Phrase grounding data

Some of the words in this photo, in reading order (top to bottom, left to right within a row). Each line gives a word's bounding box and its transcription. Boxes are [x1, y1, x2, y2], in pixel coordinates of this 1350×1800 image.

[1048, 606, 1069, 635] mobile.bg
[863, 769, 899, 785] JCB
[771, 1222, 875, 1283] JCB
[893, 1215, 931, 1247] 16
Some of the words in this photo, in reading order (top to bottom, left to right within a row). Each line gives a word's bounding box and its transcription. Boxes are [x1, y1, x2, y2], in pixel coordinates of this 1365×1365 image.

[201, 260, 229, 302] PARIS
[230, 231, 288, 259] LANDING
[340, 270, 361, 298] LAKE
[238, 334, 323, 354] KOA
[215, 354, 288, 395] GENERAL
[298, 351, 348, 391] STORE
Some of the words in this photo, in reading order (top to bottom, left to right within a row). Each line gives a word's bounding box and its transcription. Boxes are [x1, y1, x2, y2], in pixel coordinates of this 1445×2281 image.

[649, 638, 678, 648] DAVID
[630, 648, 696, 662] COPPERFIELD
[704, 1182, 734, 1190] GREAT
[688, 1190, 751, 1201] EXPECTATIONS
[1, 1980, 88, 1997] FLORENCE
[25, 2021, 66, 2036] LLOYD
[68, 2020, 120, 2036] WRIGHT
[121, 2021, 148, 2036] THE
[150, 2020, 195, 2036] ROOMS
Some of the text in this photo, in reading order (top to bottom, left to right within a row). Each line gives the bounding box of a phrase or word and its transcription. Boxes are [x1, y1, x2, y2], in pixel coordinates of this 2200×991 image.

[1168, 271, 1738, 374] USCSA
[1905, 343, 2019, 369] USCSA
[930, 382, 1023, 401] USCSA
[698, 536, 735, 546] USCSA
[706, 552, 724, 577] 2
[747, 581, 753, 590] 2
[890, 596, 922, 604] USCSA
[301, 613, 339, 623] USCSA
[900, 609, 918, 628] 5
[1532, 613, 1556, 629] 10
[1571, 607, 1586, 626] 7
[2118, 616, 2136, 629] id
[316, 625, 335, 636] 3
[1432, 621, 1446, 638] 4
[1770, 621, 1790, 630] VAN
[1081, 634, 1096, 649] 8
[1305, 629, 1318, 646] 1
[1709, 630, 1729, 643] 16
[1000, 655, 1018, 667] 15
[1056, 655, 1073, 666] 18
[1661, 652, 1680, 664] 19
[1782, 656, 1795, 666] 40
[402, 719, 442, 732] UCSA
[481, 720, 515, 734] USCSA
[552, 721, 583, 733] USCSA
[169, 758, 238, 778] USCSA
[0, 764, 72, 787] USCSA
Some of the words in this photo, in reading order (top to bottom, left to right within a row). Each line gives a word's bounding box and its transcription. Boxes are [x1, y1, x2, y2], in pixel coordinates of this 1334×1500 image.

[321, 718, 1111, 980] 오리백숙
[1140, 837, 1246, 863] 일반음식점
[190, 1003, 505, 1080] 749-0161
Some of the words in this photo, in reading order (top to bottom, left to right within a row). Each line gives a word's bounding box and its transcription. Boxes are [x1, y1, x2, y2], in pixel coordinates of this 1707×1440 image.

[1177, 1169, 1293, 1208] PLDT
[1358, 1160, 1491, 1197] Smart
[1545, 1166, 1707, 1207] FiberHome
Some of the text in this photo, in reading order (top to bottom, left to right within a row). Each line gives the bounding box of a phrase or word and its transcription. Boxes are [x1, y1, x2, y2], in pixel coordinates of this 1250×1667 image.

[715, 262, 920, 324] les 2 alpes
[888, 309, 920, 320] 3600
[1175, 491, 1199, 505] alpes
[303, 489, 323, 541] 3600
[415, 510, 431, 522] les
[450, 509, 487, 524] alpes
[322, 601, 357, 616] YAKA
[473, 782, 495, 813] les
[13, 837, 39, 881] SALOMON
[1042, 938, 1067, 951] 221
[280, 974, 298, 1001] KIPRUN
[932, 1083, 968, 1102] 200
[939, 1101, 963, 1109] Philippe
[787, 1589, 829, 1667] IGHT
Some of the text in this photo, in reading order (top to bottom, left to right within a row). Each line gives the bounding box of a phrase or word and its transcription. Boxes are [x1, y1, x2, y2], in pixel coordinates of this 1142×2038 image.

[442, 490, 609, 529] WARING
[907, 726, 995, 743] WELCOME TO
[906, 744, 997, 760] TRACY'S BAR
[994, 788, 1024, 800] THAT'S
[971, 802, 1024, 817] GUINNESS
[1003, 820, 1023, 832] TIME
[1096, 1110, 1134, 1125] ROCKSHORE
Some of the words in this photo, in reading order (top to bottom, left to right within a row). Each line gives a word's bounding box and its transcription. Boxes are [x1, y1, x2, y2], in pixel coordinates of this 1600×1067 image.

* [Problem to solve] Exactly as they appear above, copy out all the records.

* [Exercise answer]
Some of the words in this photo, in reading order (top to bottom, left to right within a row). Each line gives a word's bounding box and its transcription. Boxes are [x1, y1, x2, y2], in pixel coordinates of this 1350×1800 image.

[1048, 606, 1069, 635] mobile.bg
[863, 769, 899, 785] JCB
[771, 1222, 875, 1283] JCB
[893, 1215, 931, 1247] 16
Some of the words in this photo, in reading order (top to bottom, left to right within a row). Each line gives a word's bounding box and its transcription. Boxes are [x1, y1, x2, y2], in pixel coordinates of this 1365×1365 image.

[201, 260, 229, 302] PARIS
[230, 231, 288, 259] LANDING
[340, 270, 361, 298] LAKE
[238, 334, 323, 354] KOA
[215, 354, 288, 395] GENERAL
[298, 351, 348, 391] STORE
Some of the words in this photo, in reading order (top to bottom, left to right within a row). Each line gives a word's bounding box and its transcription. Boxes are [x1, y1, x2, y2], in pixel coordinates of this 1445×2281 image.

[649, 638, 678, 648] DAVID
[630, 648, 696, 662] COPPERFIELD
[704, 1182, 734, 1190] GREAT
[688, 1190, 751, 1201] EXPECTATIONS
[1, 1980, 88, 1997] FLORENCE
[25, 2021, 66, 2036] LLOYD
[68, 2020, 120, 2036] WRIGHT
[121, 2021, 148, 2036] THE
[150, 2020, 195, 2036] ROOMS
Some of the text in this photo, in reading order (top to bottom, left to right within a row). Each line gives the bounding box of a phrase or word and its transcription. Boxes are [x1, y1, x2, y2], in pixel coordinates of this 2200×991 image.

[1168, 271, 1738, 374] USCSA
[1905, 343, 2019, 369] USCSA
[930, 382, 1023, 401] USCSA
[698, 536, 735, 546] USCSA
[706, 552, 724, 577] 2
[747, 581, 753, 590] 2
[890, 596, 922, 604] USCSA
[301, 613, 339, 623] USCSA
[900, 609, 918, 628] 5
[1532, 613, 1556, 629] 10
[1571, 607, 1586, 626] 7
[2118, 616, 2136, 629] id
[316, 625, 335, 636] 3
[1432, 621, 1446, 638] 4
[1770, 621, 1790, 630] VAN
[1081, 634, 1096, 649] 8
[1305, 629, 1318, 646] 1
[1709, 630, 1729, 643] 16
[1000, 655, 1018, 667] 15
[1056, 655, 1073, 666] 18
[1661, 652, 1680, 664] 19
[1782, 656, 1795, 666] 40
[402, 719, 442, 732] UCSA
[481, 720, 515, 734] USCSA
[552, 721, 583, 733] USCSA
[169, 758, 238, 778] USCSA
[0, 764, 72, 787] USCSA
Some of the words in this photo, in reading order (top to bottom, left to right within a row). Each line gives a word's bounding box and its transcription. Boxes are [x1, y1, x2, y2], in pixel coordinates of this 1334×1500 image.

[321, 718, 1111, 980] 오리백숙
[1140, 837, 1246, 863] 일반음식점
[190, 1003, 505, 1080] 749-0161
Some of the words in this photo, in reading order (top to bottom, left to right within a row). Each line gives a word's bounding box and its transcription. Boxes are [x1, y1, x2, y2], in pixel coordinates of this 1707×1440 image.

[1177, 1169, 1293, 1208] PLDT
[1358, 1160, 1491, 1197] Smart
[1545, 1166, 1707, 1207] FiberHome
Some of the text in this photo, in reading order (top to bottom, left to right within a row). Each line gives the bounding box of a phrase or word and its transcription. Boxes are [x1, y1, x2, y2], in pixel coordinates of this 1250×1667 image.

[715, 262, 920, 324] les 2 alpes
[888, 309, 920, 320] 3600
[1175, 491, 1199, 505] alpes
[303, 489, 323, 541] 3600
[415, 510, 431, 522] les
[450, 509, 487, 524] alpes
[322, 601, 357, 616] YAKA
[473, 782, 495, 813] les
[13, 837, 39, 881] SALOMON
[1042, 938, 1067, 951] 221
[280, 974, 298, 1001] KIPRUN
[932, 1083, 968, 1102] 200
[939, 1101, 963, 1109] Philippe
[787, 1589, 829, 1667] IGHT
Some of the text in this photo, in reading order (top to bottom, left to right within a row). Each line gives the bounding box of a phrase or word and its transcription. Boxes are [x1, y1, x2, y2], in pixel coordinates of this 1142×2038 image.

[442, 490, 609, 529] WARING
[907, 726, 995, 743] WELCOME TO
[906, 744, 997, 760] TRACY'S BAR
[994, 788, 1024, 800] THAT'S
[971, 802, 1024, 817] GUINNESS
[1003, 820, 1023, 832] TIME
[1096, 1110, 1134, 1125] ROCKSHORE
Some of the words in this photo, in reading order (top to bottom, left to right within a row). Each line gives a word's bounding box and its transcription. Boxes are [x1, y1, x2, y2], in pixel coordinates of this 1600×1067 image.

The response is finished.